[Free-text object descriptions]
○ ○ ○ ○ ○

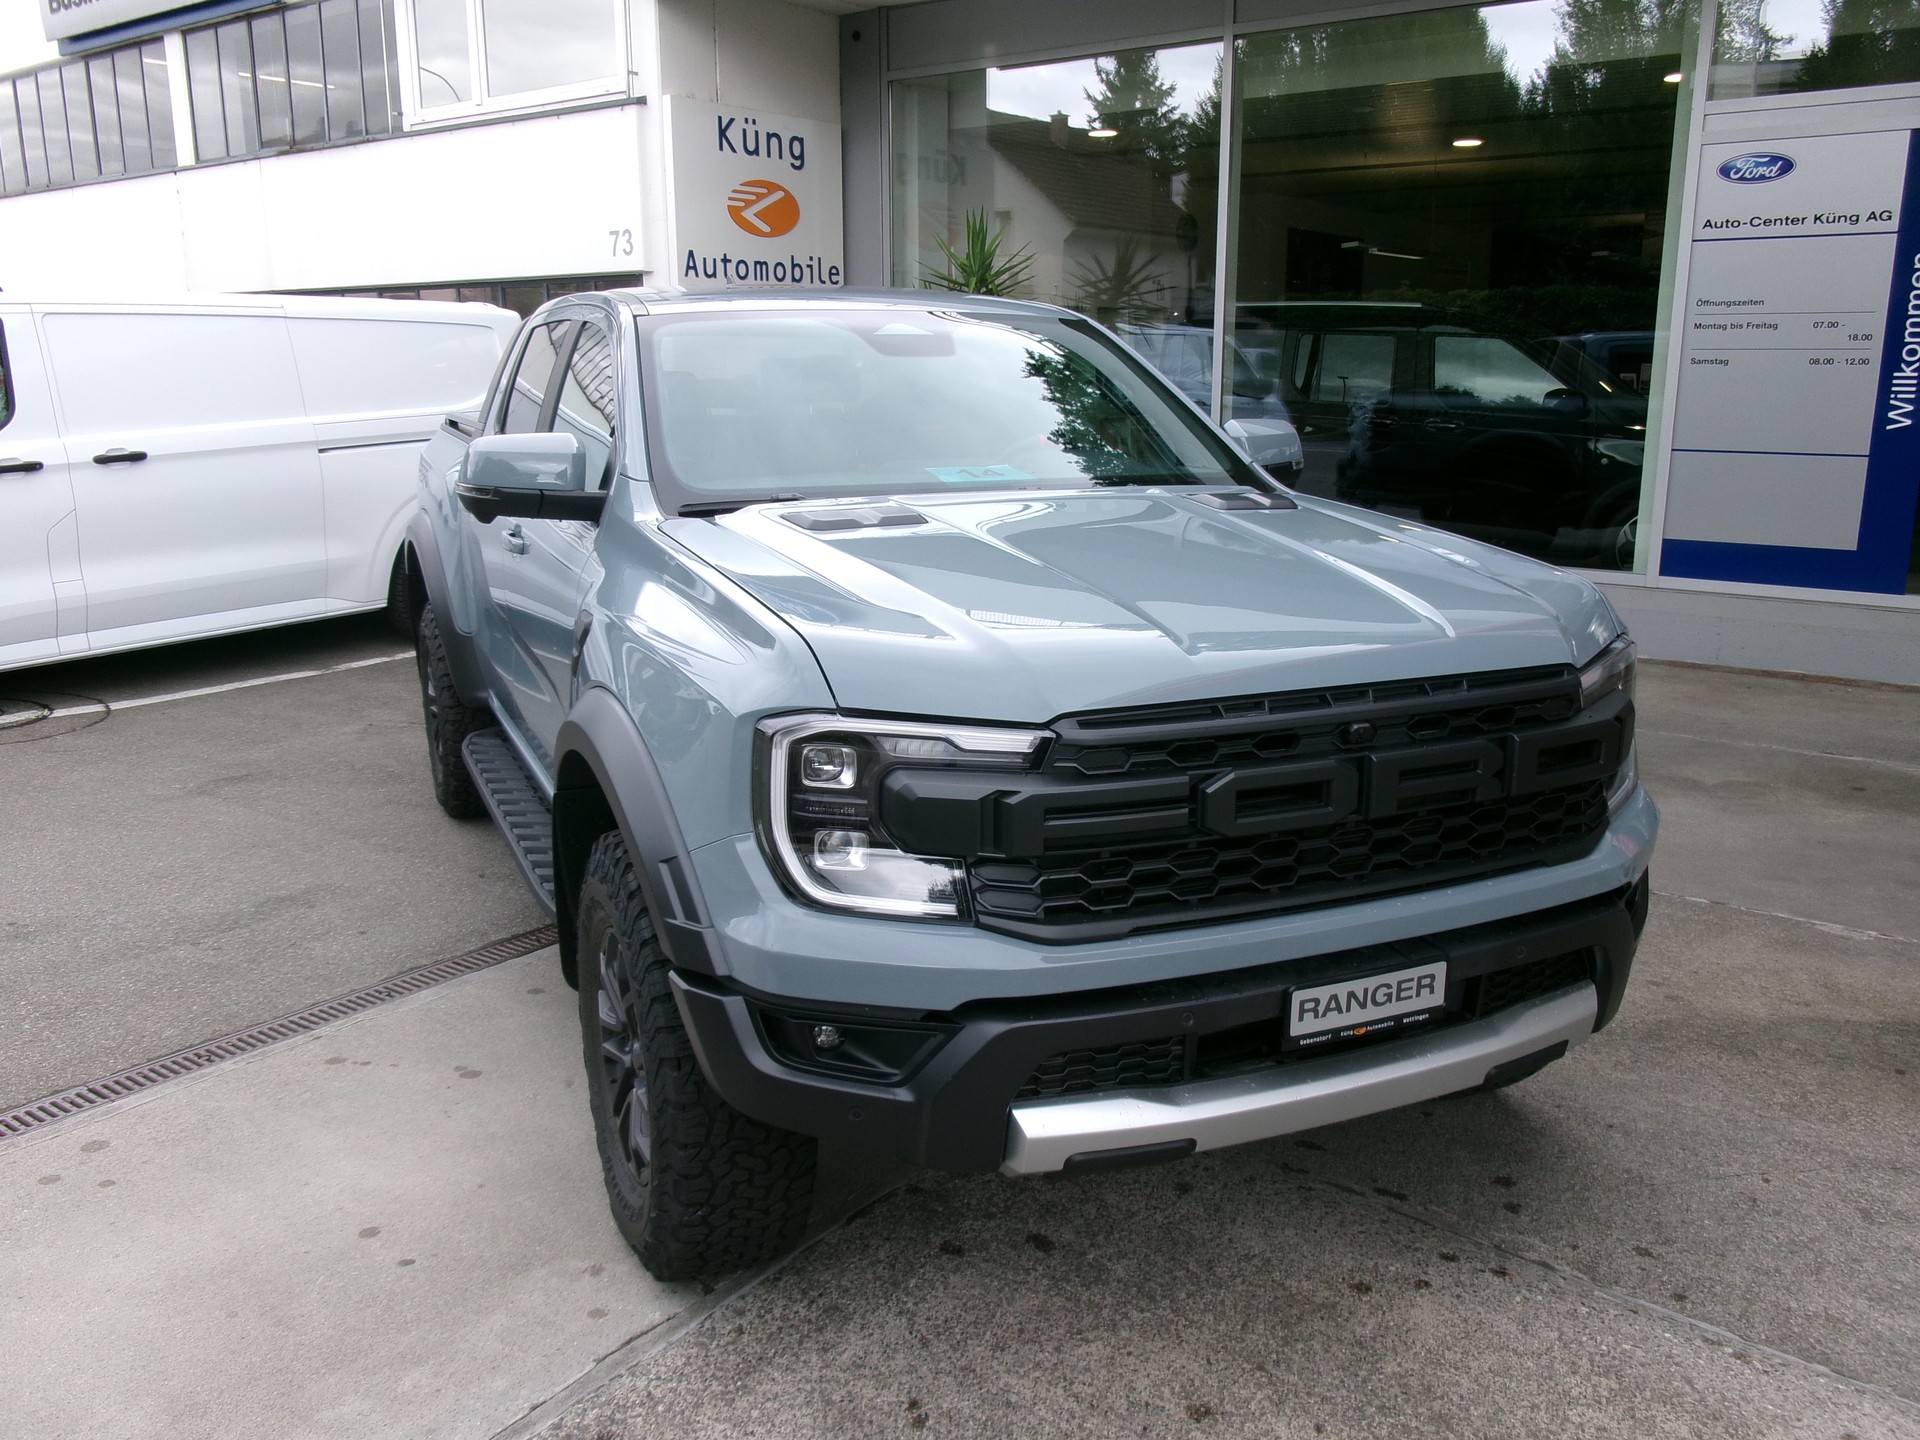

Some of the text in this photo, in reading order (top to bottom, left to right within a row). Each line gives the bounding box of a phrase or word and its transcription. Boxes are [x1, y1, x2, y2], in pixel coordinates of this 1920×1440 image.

[717, 115, 805, 171] Küng
[1730, 156, 1783, 180] Ford
[1702, 210, 1894, 230] Auto-Center Küng AG
[609, 229, 634, 257] 73
[684, 250, 841, 285] Automobile
[1696, 298, 1765, 308] Öffnungszeiten
[1693, 321, 1779, 331] Montag bis Freitag
[1812, 321, 1839, 329] 07.00
[1847, 334, 1873, 342] 18.00
[1690, 358, 1730, 367] Samstag
[1808, 358, 1835, 366] 08.00
[1844, 358, 1870, 366] 12.00
[1298, 973, 1436, 1022] RANGER

○ ○ ○ ○ ○

■ **BRIEF**: Apart from the pictures, repeat the data above exactly.

■ **EXERCISE SOLUTION**:
Some of the text in this photo, in reading order (top to bottom, left to right within a row). Each line gives the bounding box of a phrase or word and its transcription. Boxes are [x1, y1, x2, y2], in pixel coordinates of this 1920×1440 image.

[717, 115, 805, 171] Küng
[1730, 156, 1783, 180] Ford
[1702, 210, 1894, 230] Auto-Center Küng AG
[609, 229, 634, 257] 73
[684, 250, 841, 285] Automobile
[1696, 298, 1765, 308] Öffnungszeiten
[1693, 321, 1779, 331] Montag bis Freitag
[1812, 321, 1839, 329] 07.00
[1847, 334, 1873, 342] 18.00
[1690, 358, 1730, 367] Samstag
[1808, 358, 1835, 366] 08.00
[1844, 358, 1870, 366] 12.00
[1298, 973, 1436, 1022] RANGER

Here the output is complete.